The company has been restructured, with its American and Indian businesses worth 1.6 billion pounds,” the newspaper said. Vedanta Resources chief Agarwal ranks at 49th position with 1.7 billion pounds. His Indian metals-to-oil group, is worth 2.4 billion pounds after a decline in its share price.
Kalsi at 98th rank is supremo of Indus Gas, which floated on the Alternative Investment Market, sub-market of the London Stock Exchange, in 2008 and is worth 1.09 billion pounds. Queen Elizabeth II, 88, who has been on every Sunday Times Rich List since she topped the first one in 1989, is now worth 330 million pounds but that is only enough to see her ranked 285th.
The amount of money needed to join the ranks of Britain's 1,000 richest is 85 million pounds, compared with 80 million pounds in 2008, at the height of the boom years. Today, it takes 190 million pounds to make it into the ranks of the richest 500, more than double the figure 10 years ago (80 million pounds).

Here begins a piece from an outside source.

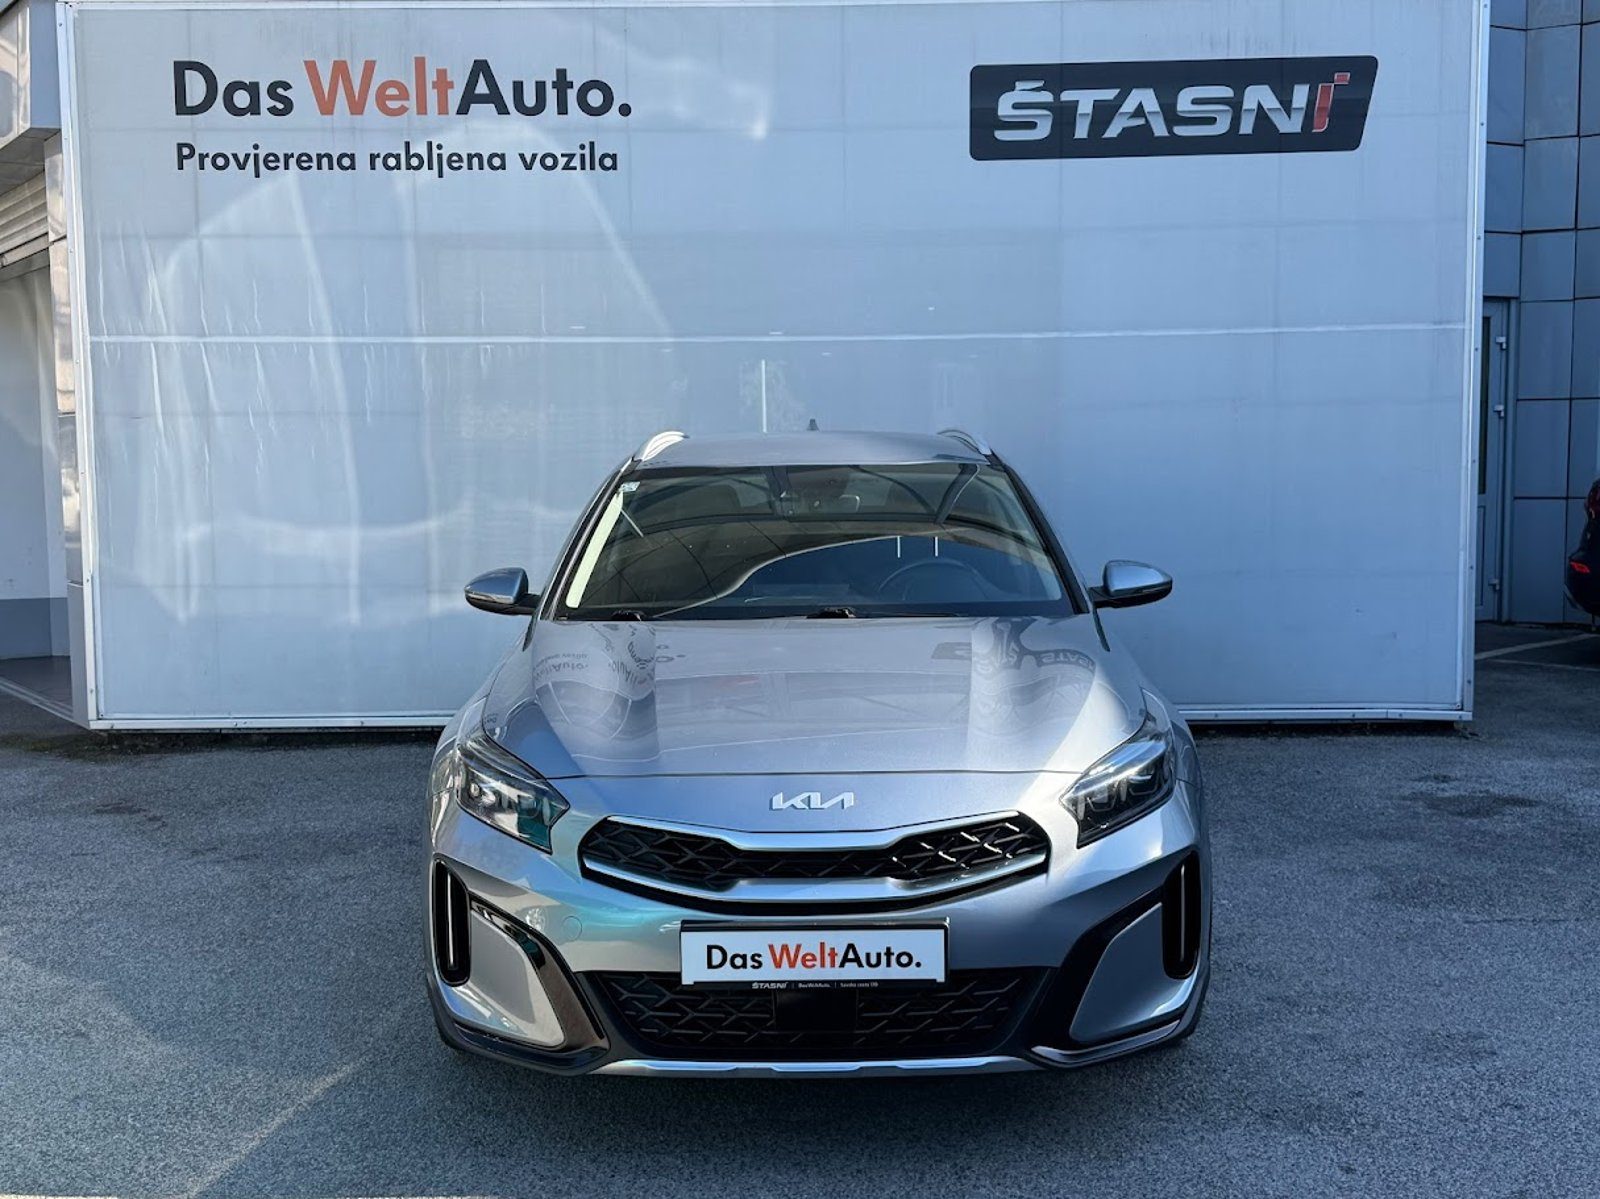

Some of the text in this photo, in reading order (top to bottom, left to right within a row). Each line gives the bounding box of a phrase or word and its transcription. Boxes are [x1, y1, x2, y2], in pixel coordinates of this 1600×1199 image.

“Women are doing better than ever: there are 114 on the list this year, up from 78 in 2004. However, few have made their money single-handedly. Jimmy Choo founder Tamara Mellon (180 million pounds) and author Joanne - JK - Rowling (570 million pounds) continue to be the only women who have made a vast fortune in their own right, unaided by inheritance or sharing a business with a husband or another relative, or, in a handful of cases, divorce,” the Times said.